Overall, 30 months of adjuvant androgen deprivation therapy (ADT) did not improve biochemical control and other survival endpoints compared with just 6 months of ADT in men with high-risk localized prostate who received brachytherapy and external beam radiation therapy (ERBT).


  • Men with high-risk prostate cancer who receive ADT for 18 months or longer have demonstrated better outcomes compared with patients who receive ADT for 6 months. However, combining shorter-course ADT with brachytherapy and EBRT can also provide strong results.

  • The current trial compared long-term ADT with short-term ADT among patients also receiving brachytherapy and EBRT.

  • The trial enrolled 332 men with high-risk localized prostate cancer at 37 centers in Japan who were treated with 6 months of ADT plus brachytherapy followed by EBRT. After stratification, 165 were randomly allocated to no further treatment (short-term arm) and 167 to 24 additional months of adjuvant ADT (long-term arm).

  • The primary endpoint was the cumulative incidence of biochemical progression; secondary endpoints included clinical progression, metastasis, salvage treatment, disease-specific mortality, overall survival, and grade 3+ adverse events. Median follow-up was 9.2 years.


  • ​​​​​​At 7 years, longer-term ADT did not significantly reduce the cumulative incidence of biochemical progression (8.0% vs 9.0%; P = .65).

  • The researchers observed no significant differences in secondary outcomes of clinical progression, metastases, or survival.

  • Toxicity did not differ statistically between arms.
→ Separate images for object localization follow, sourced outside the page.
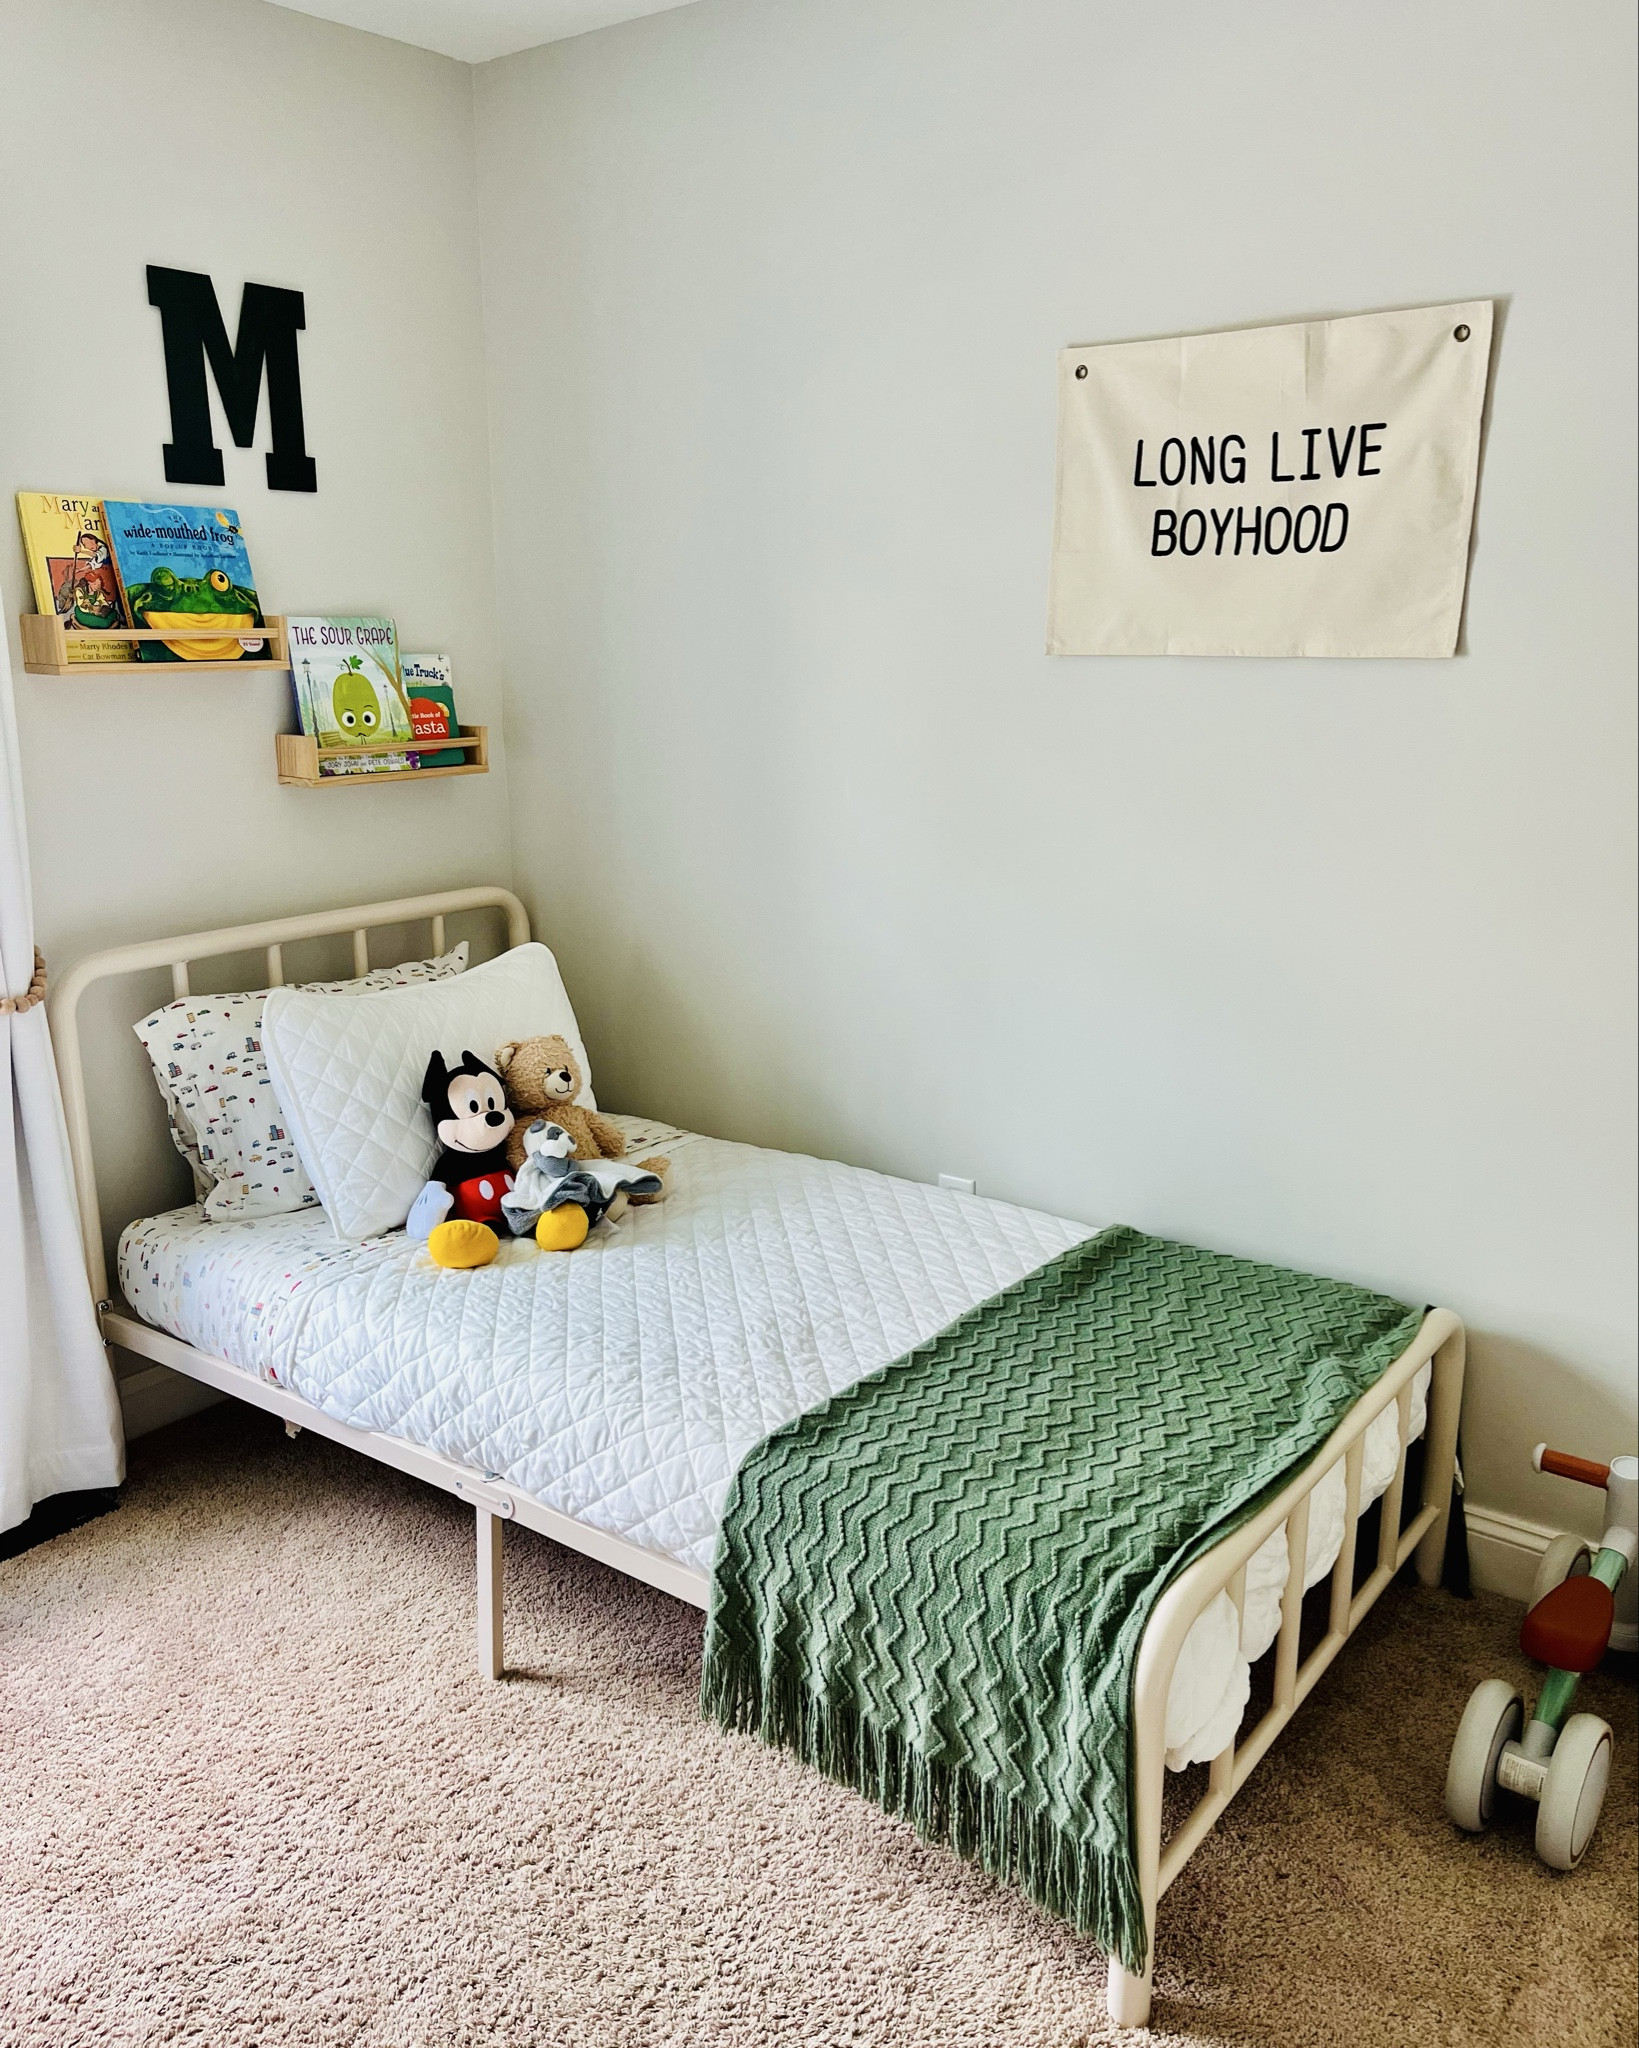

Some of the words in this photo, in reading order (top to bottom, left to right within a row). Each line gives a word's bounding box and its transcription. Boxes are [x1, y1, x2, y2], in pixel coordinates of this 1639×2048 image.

[146, 264, 317, 493] M
[1134, 434, 1247, 487] LONG
[1271, 422, 1388, 482] LIVE
[40, 495, 89, 517] Mary
[123, 522, 208, 541] wide-mouthed
[210, 526, 235, 546] frog
[1151, 502, 1350, 556] BOYHOOD
[292, 626, 317, 645] THE
[320, 626, 353, 645] SOUR
[356, 626, 394, 645] GRAPE
[80, 643, 100, 652] Marty
[414, 663, 445, 681] Truck's
[408, 721, 446, 735] asta
The rate of endocrine-related grade 3+ adverse events was 0.6% with short-term ADT and 1.8% with long-term (P = .62), and the rate of radiation-related grade 3+ events was 1.2% with short-term ADT vs 0.6% with long-term (P = .62).
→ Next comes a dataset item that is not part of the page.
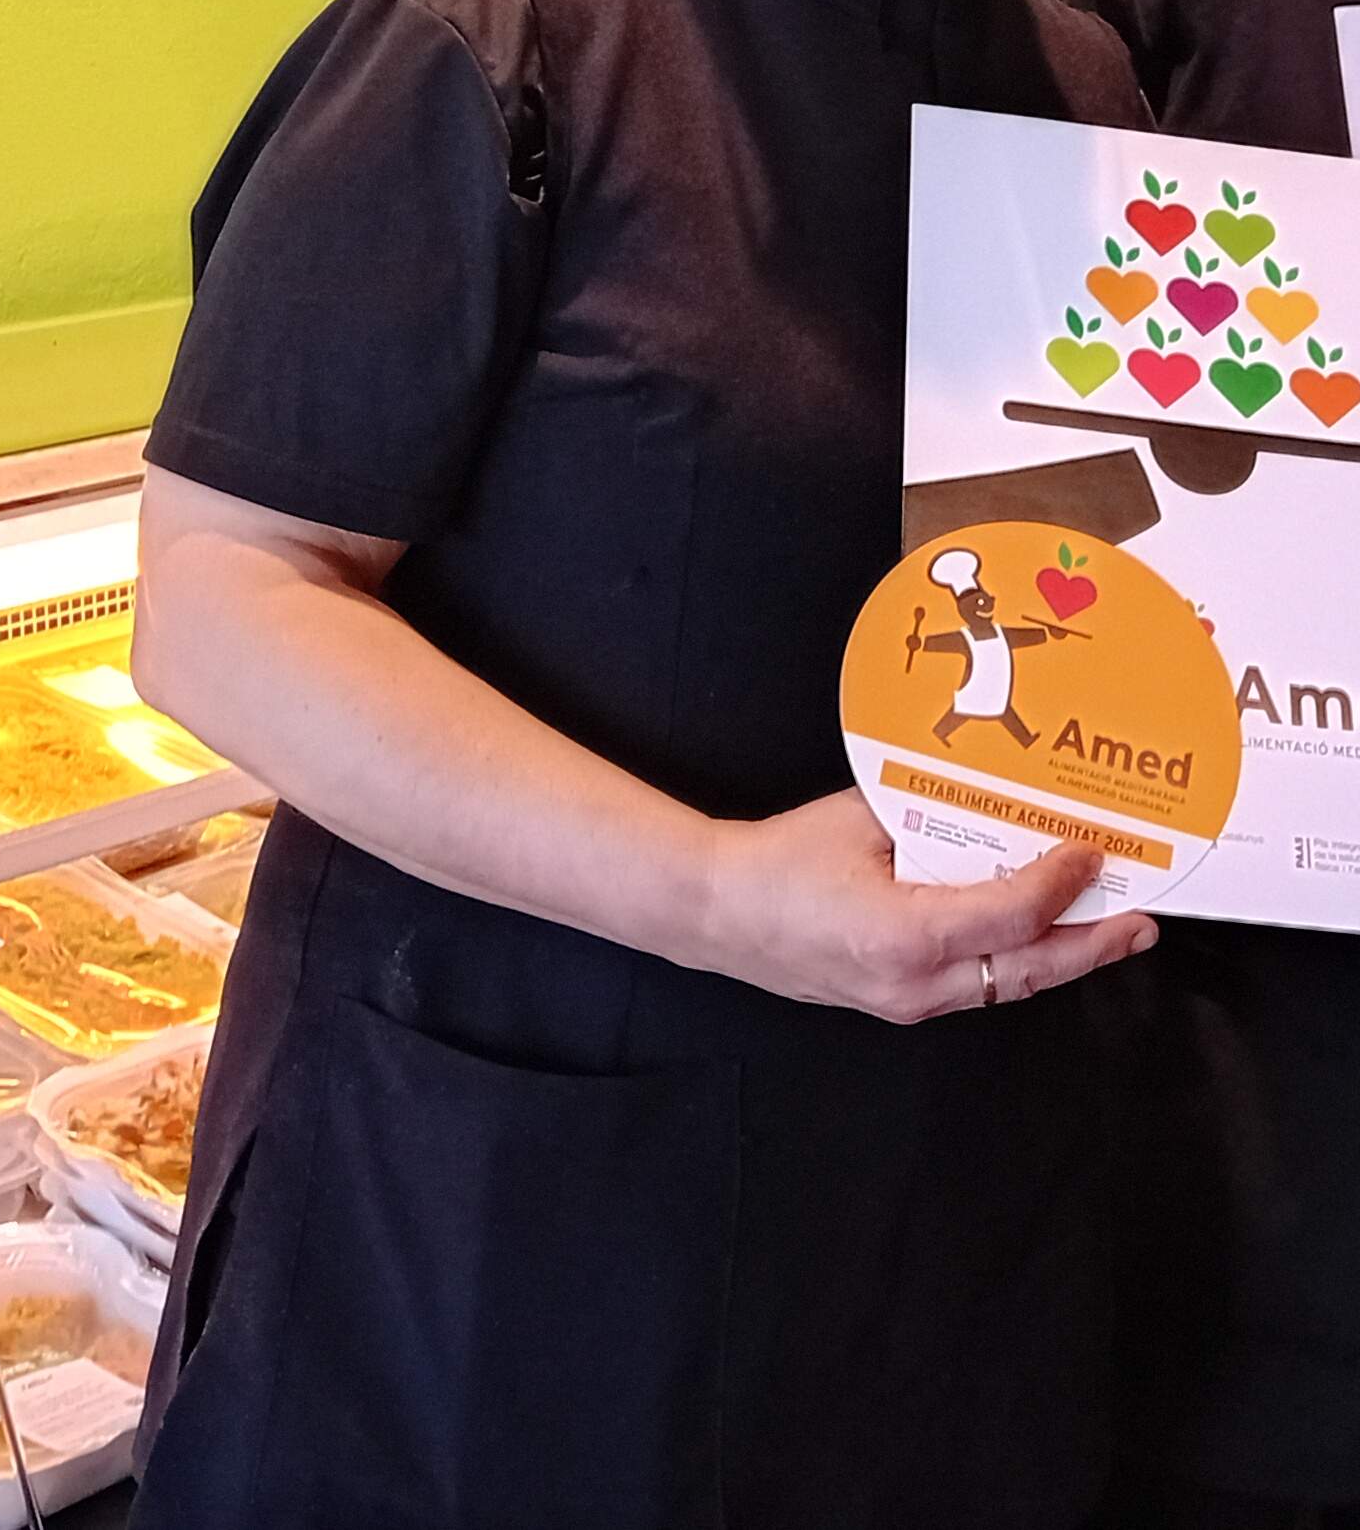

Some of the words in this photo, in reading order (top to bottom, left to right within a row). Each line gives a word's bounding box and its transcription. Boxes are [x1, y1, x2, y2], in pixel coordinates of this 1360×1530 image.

[1051, 718, 1194, 789] Amed
[908, 774, 1013, 819] ESTABLIMENT
[1016, 808, 1099, 846] ACREDITAT
[1104, 834, 1144, 858] 2024
“The present investigation, designed as a superiority trial, failed to demonstrate that 30-month ADT yielded better biochemical control than 6-month ADT when combined with brachytherapy and EBRT,” the authors conclude. “These data imply that improved local control with a brachytherapy boost may obviate the need for long-term ADT.”


The study, with first author Atsunori Yorozu, MD, PhD, National Hospital Organization Tokyo Medical Center, was published online on October 4, 2023 in the International Journal of Radiation Oncology Biology Physics.


The trial could not prove that 6 months of ADT was noninferior to 30 months of ADT in this treatment setting. As a primary endpoint, biochemical progression-free survival is not a surrogate for overall survival. The sample size was small and comprised an Asian population.


The study was funded by AstraZeneca and Nihon Medi-Physics. The authors reported no relevant conflicts of interest.